Ma ci distinguono due grandi differenze. Nell’uomo le eccezioni alla regola sono molte e più complicate, rispetto agli altri primati. In fondo il nostro vecchio e brutto mondo giudaico-cristiano-musulmano ha prodotto anche gente pacifica come i quaccheri o i sufi. Invece, nessun babbuino della savana, habitat che favorisce gli onnivori, si è mai convertito, per questioni etiche, alla dieta vegetariana.
Il secondo tratto distintivo della cultura umana è la sua inclinazione esistenziale. Non mi riferisco solo al grado d’influenza che le condizioni ambientali hanno esercitato sul modo di costruire le punte di freccia o se, durante una cerimonia nuziale, si suona il sonaglio prima o dopo aver danzato con il teschio di iena. In ballo ci sono le preoccupazioni profonde e categoriche dell’uomo: dio esiste (o gli dèi esistono)? E si occupa (occupano) di noi? Che succede quando moriamo e quanto le azioni compiute in vita pesano su ciò che viene dopo? Il corpo è una cosa fondamentalmente sporca e vergognosa? E il mondo è fondamentalmente un luogo ospitale?
In fin dei conti, se vogliamo trovare risposte a queste domande estremamente personali, individuali, dobbiamo ammettere un sottofondo biologico. Ormai conosciamo i molti modi in cui la genetica, la neurochimica e l’endocrinologia sono coinvolte nella depressione, tanto da far vedere alle persone la vita come un bicchiere mezzo pieno o mezzo vuoto.

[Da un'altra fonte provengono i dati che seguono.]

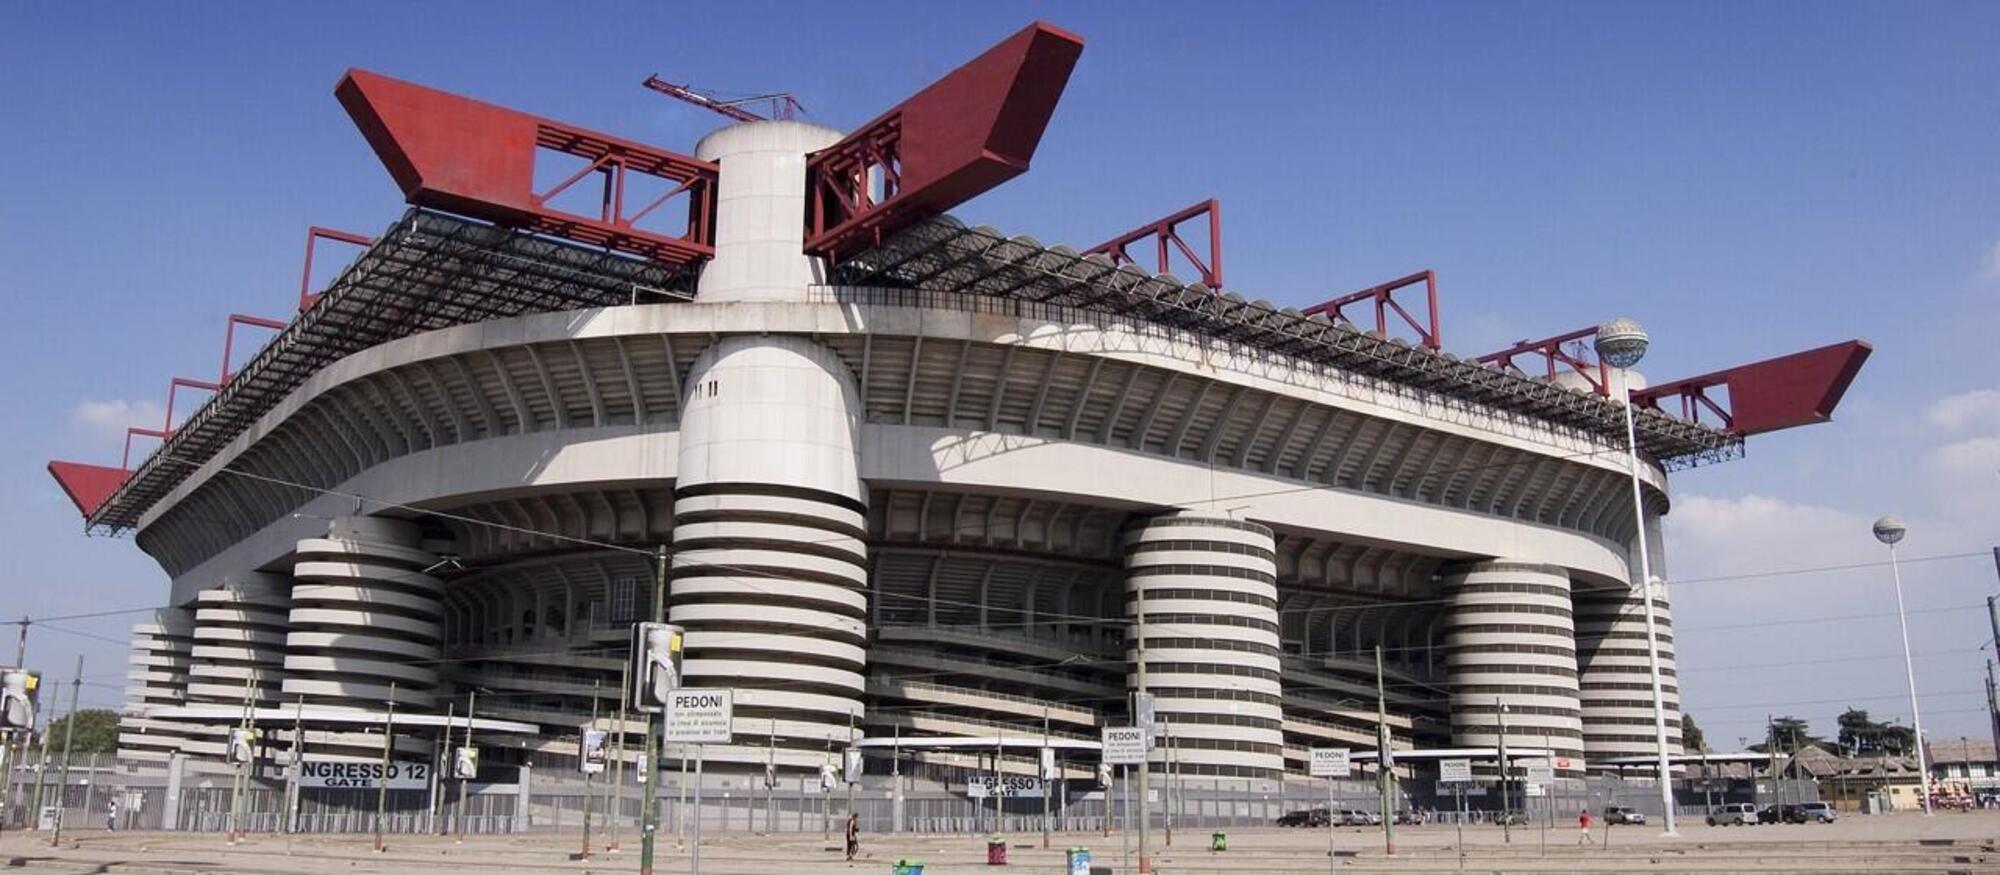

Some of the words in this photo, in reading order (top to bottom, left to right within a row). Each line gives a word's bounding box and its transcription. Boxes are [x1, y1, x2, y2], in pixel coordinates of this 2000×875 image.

[676, 695, 723, 708] PEDONI
[1109, 731, 1140, 741] PEDONI
[1315, 751, 1345, 759] PEDONI
[302, 761, 399, 779] NGRESSO
[405, 764, 426, 780] 12
[324, 778, 373, 788] GATE

Abbiamo addirittura cominciato a scoprire una biologia della fede religiosa: ci sono danni neurologici che causano manie religiose, e disturbi neuropsichiatrici associati a modi di pensare “metamagici”.
Ci sono regioni del cervello che regolano la maniera più o meno rigida con cui un organismo s’interroga sui rapporti di causa-effetto, con la conseguenza potenziale di offrire dei punti di vista segreti su quello strano fenomeno che chiamiamo fede.
Per rispondere alla domanda “come sono diventato ciò che sono?”, dobbiamo riunire una miriade di fattori sottili e interconnessi, dalle pressioni evolutive che, milioni di anni fa, hanno dato forma al nostro gorgo genetico, all’attivazione dei neurotrasmettitori avvenuto un microsecondo fa. Forse è giunto il momento di inserire nella lista un’altra strana variabile biologica: quando i nostri antenati s’interrogavano sui grandi quesiti dell’esistenza lo facevano contemplando una cortina inestricabile di alberi o un orizzonte senza fine?